◆ **Assigned task**
The data are to be restated in full, exactly as presented.

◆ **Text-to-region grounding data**
= = =
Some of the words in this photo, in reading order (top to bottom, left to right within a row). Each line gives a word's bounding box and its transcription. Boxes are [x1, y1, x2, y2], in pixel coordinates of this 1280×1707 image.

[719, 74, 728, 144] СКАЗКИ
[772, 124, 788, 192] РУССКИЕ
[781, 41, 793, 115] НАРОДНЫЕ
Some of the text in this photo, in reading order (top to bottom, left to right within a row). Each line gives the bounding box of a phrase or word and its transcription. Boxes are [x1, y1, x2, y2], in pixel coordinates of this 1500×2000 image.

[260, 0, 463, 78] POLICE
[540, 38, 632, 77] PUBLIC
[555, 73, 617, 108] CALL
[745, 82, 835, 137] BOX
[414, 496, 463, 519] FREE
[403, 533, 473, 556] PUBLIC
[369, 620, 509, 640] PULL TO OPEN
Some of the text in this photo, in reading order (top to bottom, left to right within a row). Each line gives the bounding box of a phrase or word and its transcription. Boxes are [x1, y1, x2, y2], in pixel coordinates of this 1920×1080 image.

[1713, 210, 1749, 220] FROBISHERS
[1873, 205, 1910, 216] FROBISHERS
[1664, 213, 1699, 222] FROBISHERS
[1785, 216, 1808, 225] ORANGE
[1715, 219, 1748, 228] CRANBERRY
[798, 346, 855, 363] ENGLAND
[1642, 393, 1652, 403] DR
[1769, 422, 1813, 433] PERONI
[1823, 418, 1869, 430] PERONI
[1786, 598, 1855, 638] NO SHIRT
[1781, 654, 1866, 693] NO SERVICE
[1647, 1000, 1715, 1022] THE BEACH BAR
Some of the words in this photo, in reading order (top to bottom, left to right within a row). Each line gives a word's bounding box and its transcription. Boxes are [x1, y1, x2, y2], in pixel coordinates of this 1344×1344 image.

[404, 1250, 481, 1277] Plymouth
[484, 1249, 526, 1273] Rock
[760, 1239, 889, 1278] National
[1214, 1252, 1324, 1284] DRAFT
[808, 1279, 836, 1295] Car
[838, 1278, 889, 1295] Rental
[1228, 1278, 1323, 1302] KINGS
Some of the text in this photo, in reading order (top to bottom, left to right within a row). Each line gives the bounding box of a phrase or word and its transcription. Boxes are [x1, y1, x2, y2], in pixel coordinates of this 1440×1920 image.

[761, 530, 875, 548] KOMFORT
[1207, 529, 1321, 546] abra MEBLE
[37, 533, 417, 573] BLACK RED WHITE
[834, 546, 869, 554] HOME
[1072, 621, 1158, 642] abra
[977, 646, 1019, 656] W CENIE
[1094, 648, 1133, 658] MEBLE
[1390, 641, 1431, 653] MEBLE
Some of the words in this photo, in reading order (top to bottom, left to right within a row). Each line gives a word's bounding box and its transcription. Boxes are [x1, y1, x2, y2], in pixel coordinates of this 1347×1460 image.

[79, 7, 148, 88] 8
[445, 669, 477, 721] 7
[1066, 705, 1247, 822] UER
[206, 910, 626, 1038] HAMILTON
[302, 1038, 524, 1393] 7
= = =
◆ **Answer area**
Some of the words in this photo, in reading order (top to bottom, left to right within a row). Each line gives a word's bounding box and its transcription. Boxes are [x1, y1, x2, y2], in pixel coordinates of this 1280×1707 image.

[719, 74, 728, 144] СКАЗКИ
[772, 124, 788, 192] РУССКИЕ
[781, 41, 793, 115] НАРОДНЫЕ
Some of the text in this photo, in reading order (top to bottom, left to right within a row). Each line gives the bounding box of a phrase or word and its transcription. Boxes are [x1, y1, x2, y2], in pixel coordinates of this 1500×2000 image.

[260, 0, 463, 78] POLICE
[540, 38, 632, 77] PUBLIC
[555, 73, 617, 108] CALL
[745, 82, 835, 137] BOX
[414, 496, 463, 519] FREE
[403, 533, 473, 556] PUBLIC
[369, 620, 509, 640] PULL TO OPEN
Some of the text in this photo, in reading order (top to bottom, left to right within a row). Each line gives the bounding box of a phrase or word and its transcription. Boxes are [x1, y1, x2, y2], in pixel coordinates of this 1920×1080 image.

[1713, 210, 1749, 220] FROBISHERS
[1873, 205, 1910, 216] FROBISHERS
[1664, 213, 1699, 222] FROBISHERS
[1785, 216, 1808, 225] ORANGE
[1715, 219, 1748, 228] CRANBERRY
[798, 346, 855, 363] ENGLAND
[1642, 393, 1652, 403] DR
[1769, 422, 1813, 433] PERONI
[1823, 418, 1869, 430] PERONI
[1786, 598, 1855, 638] NO SHIRT
[1781, 654, 1866, 693] NO SERVICE
[1647, 1000, 1715, 1022] THE BEACH BAR
Some of the words in this photo, in reading order (top to bottom, left to right within a row). Each line gives a word's bounding box and its transcription. Boxes are [x1, y1, x2, y2], in pixel coordinates of this 1344×1344 image.

[404, 1250, 481, 1277] Plymouth
[484, 1249, 526, 1273] Rock
[760, 1239, 889, 1278] National
[1214, 1252, 1324, 1284] DRAFT
[808, 1279, 836, 1295] Car
[838, 1278, 889, 1295] Rental
[1228, 1278, 1323, 1302] KINGS
Some of the text in this photo, in reading order (top to bottom, left to right within a row). Each line gives the bounding box of a phrase or word and its transcription. Boxes are [x1, y1, x2, y2], in pixel coordinates of this 1440×1920 image.

[761, 530, 875, 548] KOMFORT
[1207, 529, 1321, 546] abra MEBLE
[37, 533, 417, 573] BLACK RED WHITE
[834, 546, 869, 554] HOME
[1072, 621, 1158, 642] abra
[977, 646, 1019, 656] W CENIE
[1094, 648, 1133, 658] MEBLE
[1390, 641, 1431, 653] MEBLE
Some of the words in this photo, in reading order (top to bottom, left to right within a row). Each line gives a word's bounding box and its transcription. Boxes are [x1, y1, x2, y2], in pixel coordinates of this 1347×1460 image.

[79, 7, 148, 88] 8
[445, 669, 477, 721] 7
[1066, 705, 1247, 822] UER
[206, 910, 626, 1038] HAMILTON
[302, 1038, 524, 1393] 7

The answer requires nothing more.